• _Information_:
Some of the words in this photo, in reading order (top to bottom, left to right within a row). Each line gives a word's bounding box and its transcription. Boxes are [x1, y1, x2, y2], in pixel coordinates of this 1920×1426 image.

* * *

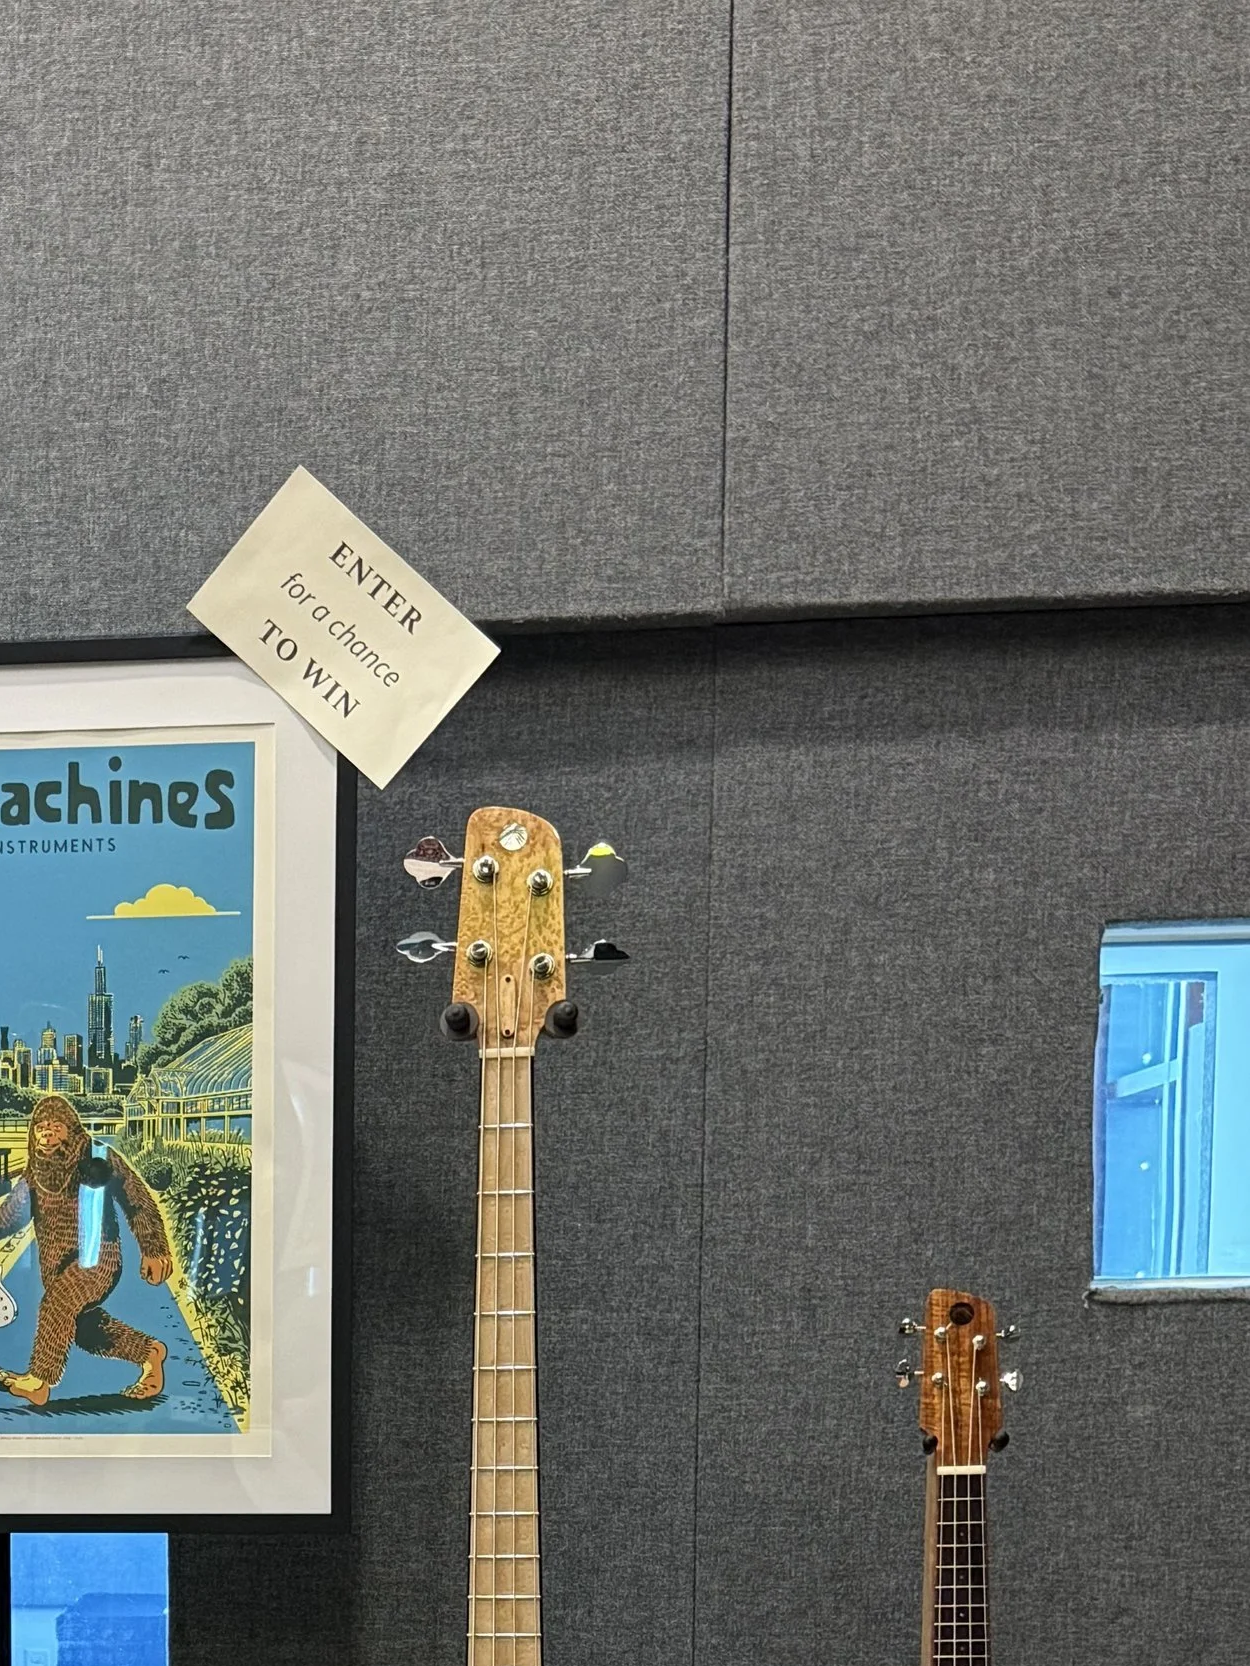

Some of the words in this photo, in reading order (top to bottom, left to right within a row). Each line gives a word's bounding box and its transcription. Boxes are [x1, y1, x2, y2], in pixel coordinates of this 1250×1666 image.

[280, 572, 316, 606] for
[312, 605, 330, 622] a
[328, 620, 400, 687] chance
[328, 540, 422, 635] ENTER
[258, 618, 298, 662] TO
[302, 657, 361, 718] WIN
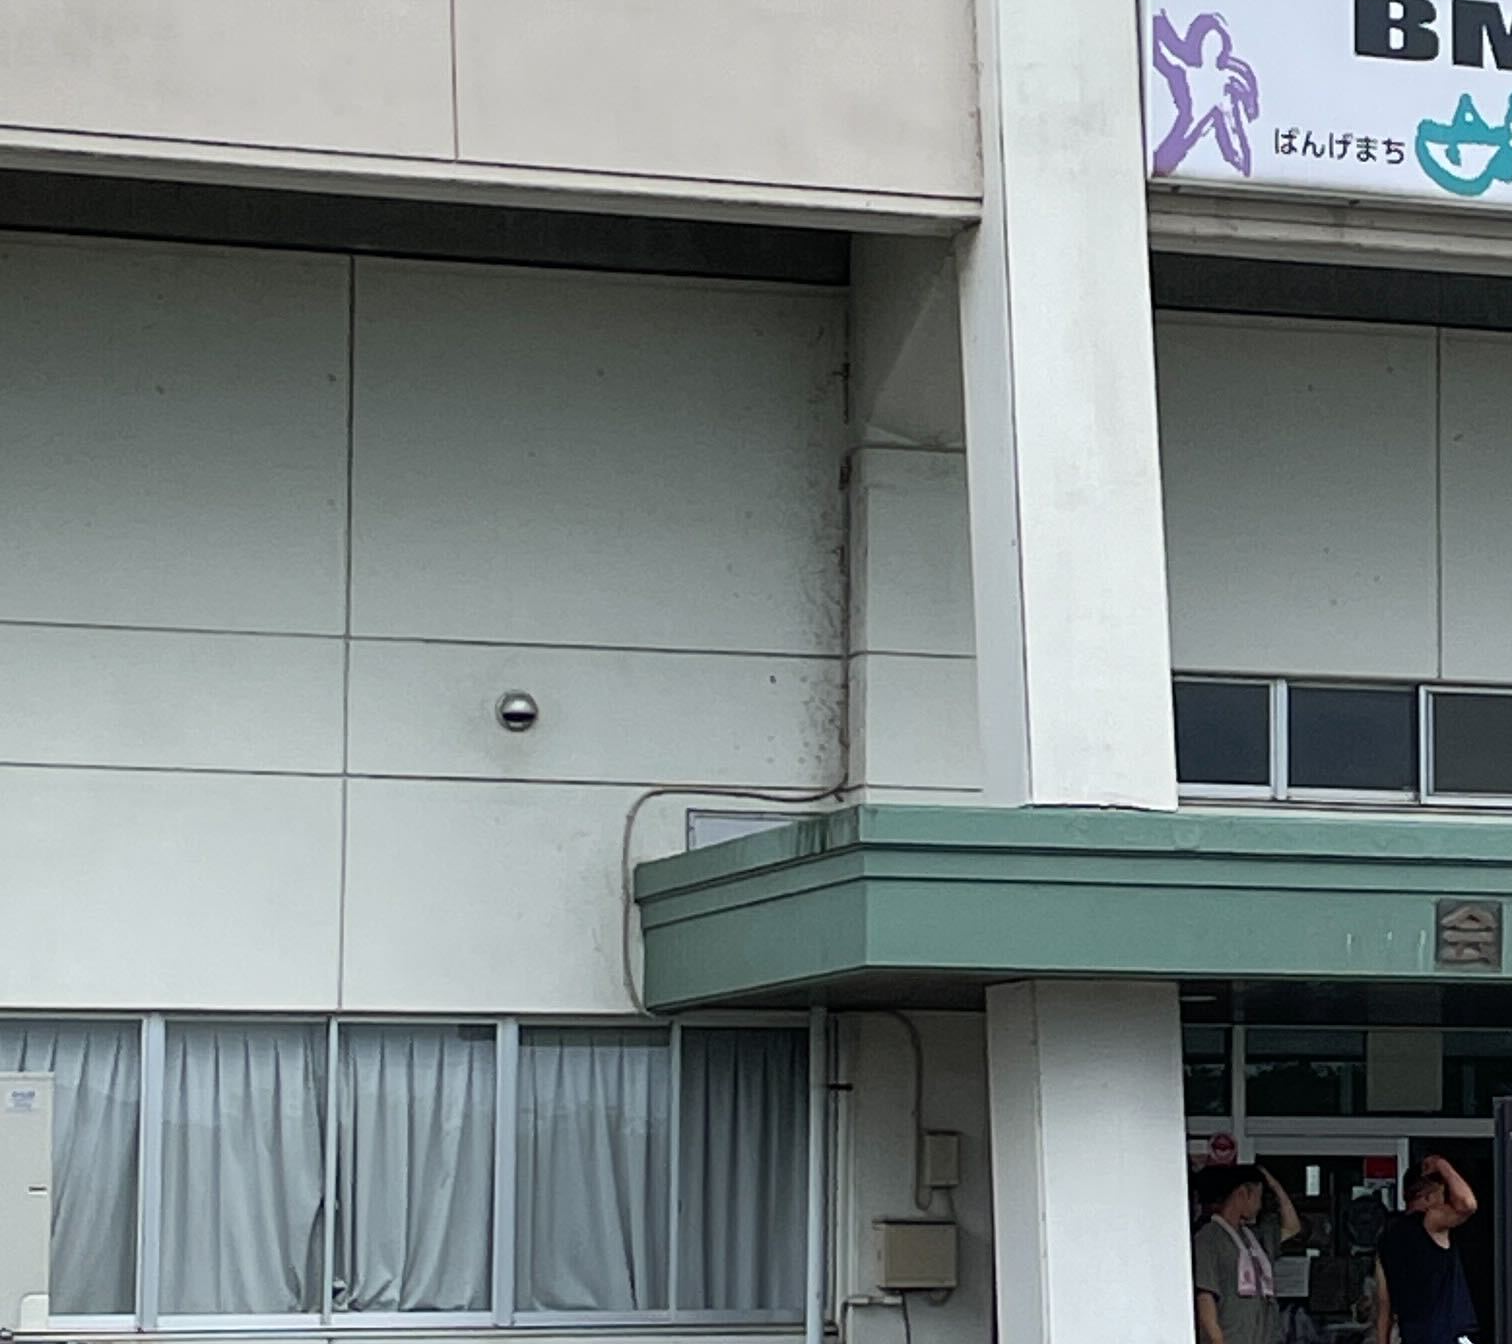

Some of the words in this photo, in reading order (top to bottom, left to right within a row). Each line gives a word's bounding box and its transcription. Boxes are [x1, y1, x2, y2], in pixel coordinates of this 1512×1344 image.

* * *

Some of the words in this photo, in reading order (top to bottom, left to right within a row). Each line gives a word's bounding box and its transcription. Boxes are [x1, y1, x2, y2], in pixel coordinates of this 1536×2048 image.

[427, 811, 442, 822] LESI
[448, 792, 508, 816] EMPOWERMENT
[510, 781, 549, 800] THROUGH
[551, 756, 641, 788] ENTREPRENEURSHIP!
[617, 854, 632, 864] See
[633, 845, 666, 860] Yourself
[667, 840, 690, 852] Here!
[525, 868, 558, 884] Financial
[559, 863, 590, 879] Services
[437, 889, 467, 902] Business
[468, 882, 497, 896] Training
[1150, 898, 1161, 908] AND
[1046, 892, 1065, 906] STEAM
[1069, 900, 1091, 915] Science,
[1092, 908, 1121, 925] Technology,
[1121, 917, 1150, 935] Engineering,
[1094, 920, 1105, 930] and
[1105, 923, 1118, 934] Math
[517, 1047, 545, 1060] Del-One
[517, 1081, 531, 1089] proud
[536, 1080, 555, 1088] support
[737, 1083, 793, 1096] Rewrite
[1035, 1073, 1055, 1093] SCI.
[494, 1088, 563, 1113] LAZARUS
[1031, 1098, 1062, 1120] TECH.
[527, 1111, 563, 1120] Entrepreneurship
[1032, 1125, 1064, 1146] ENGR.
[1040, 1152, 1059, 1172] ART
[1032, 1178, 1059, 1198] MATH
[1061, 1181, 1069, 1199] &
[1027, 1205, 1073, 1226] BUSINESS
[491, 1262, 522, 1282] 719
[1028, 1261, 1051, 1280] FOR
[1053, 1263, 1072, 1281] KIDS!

• _Task_: Only the lines starting at the one with "this 1250×1666 image." and ending at the one with "this 1512×1344 image." should be printed, each exactly as it appears in the material above; the pictures are to be omitted.

• _Exercise response_:
Some of the words in this photo, in reading order (top to bottom, left to right within a row). Each line gives a word's bounding box and its transcription. Boxes are [x1, y1, x2, y2], in pixel coordinates of this 1250×1666 image.

[280, 572, 316, 606] for
[312, 605, 330, 622] a
[328, 620, 400, 687] chance
[328, 540, 422, 635] ENTER
[258, 618, 298, 662] TO
[302, 657, 361, 718] WIN

Some of the words in this photo, in reading order (top to bottom, left to right within a row). Each line gives a word's bounding box and its transcription. Boxes are [x1, y1, x2, y2], in pixel coordinates of this 1512×1344 image.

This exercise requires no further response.